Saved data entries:
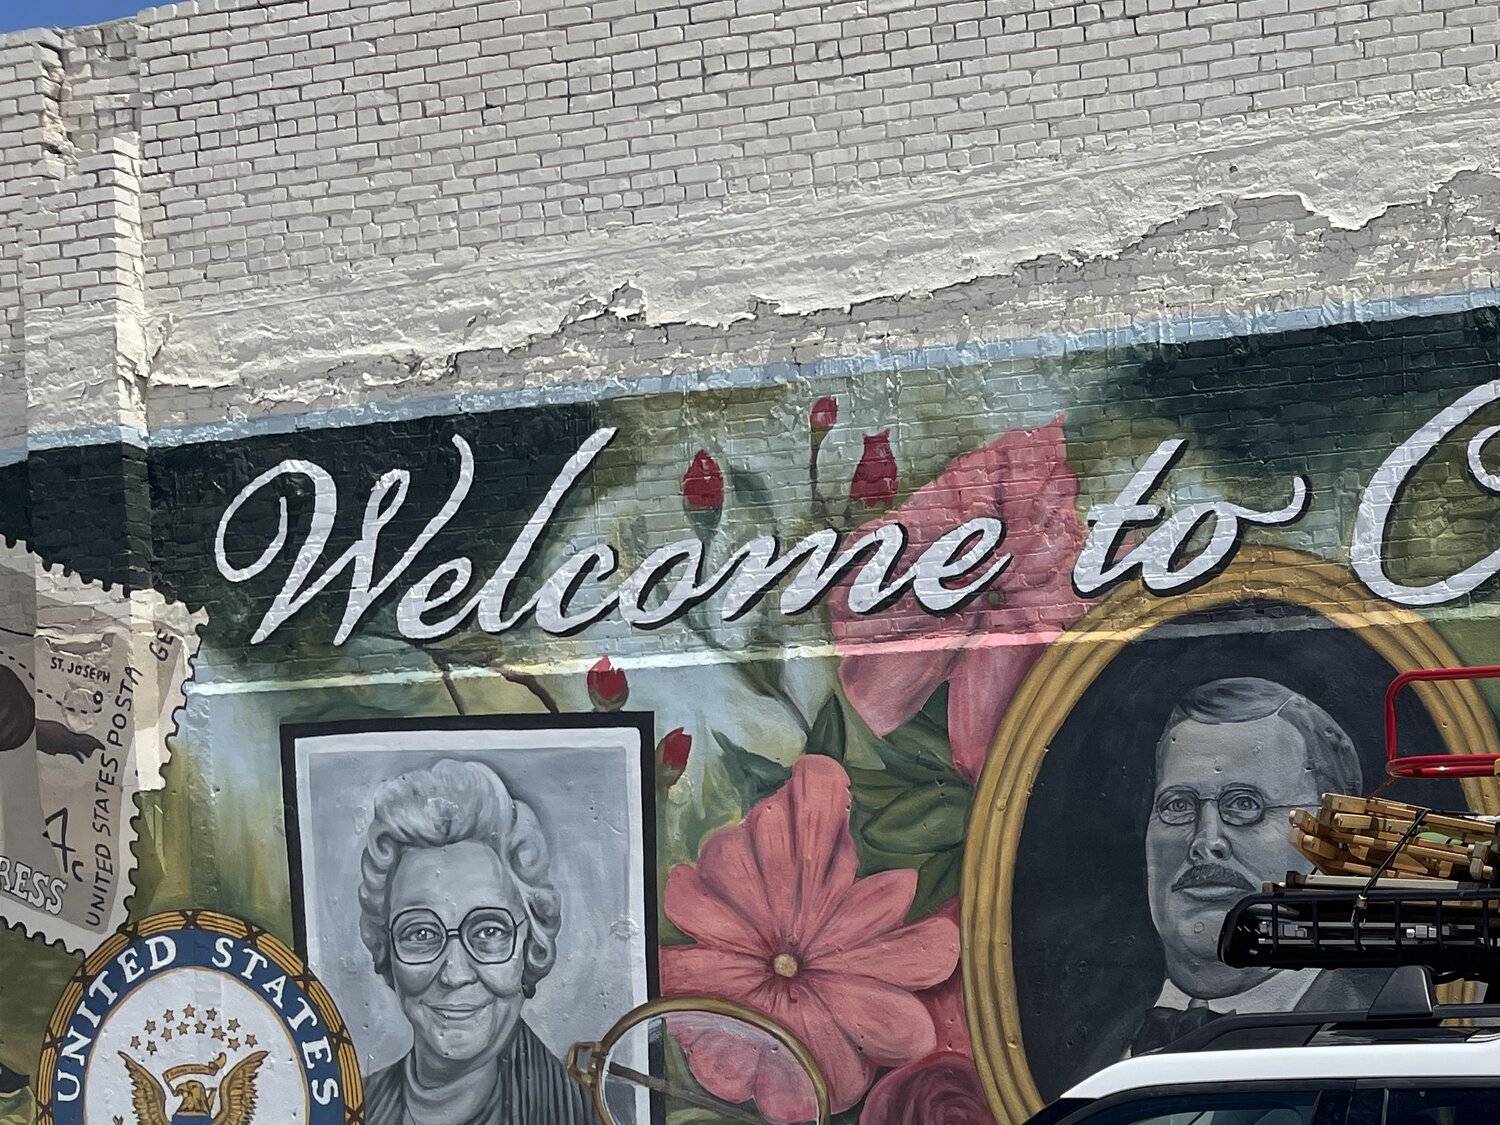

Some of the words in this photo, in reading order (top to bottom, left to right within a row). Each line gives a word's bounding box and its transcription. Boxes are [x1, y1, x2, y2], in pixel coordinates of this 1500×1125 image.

[214, 426, 1014, 646] Welcome
[1071, 436, 1308, 598] to
[50, 656, 66, 672] ST.
[67, 661, 112, 684] JOSEPH
[91, 748, 119, 840] STATES
[85, 843, 113, 927] UNITED
[57, 935, 178, 1103] UNITED
[210, 937, 340, 1107] STATES

WHAT IS EXPECTED:
The reply must consist of the records, repeated exactly, minus any images.

ANSWER:
Some of the words in this photo, in reading order (top to bottom, left to right within a row). Each line gives a word's bounding box and its transcription. Boxes are [x1, y1, x2, y2], in pixel coordinates of this 1500×1125 image.

[214, 426, 1014, 646] Welcome
[1071, 436, 1308, 598] to
[50, 656, 66, 672] ST.
[67, 661, 112, 684] JOSEPH
[91, 748, 119, 840] STATES
[85, 843, 113, 927] UNITED
[57, 935, 178, 1103] UNITED
[210, 937, 340, 1107] STATES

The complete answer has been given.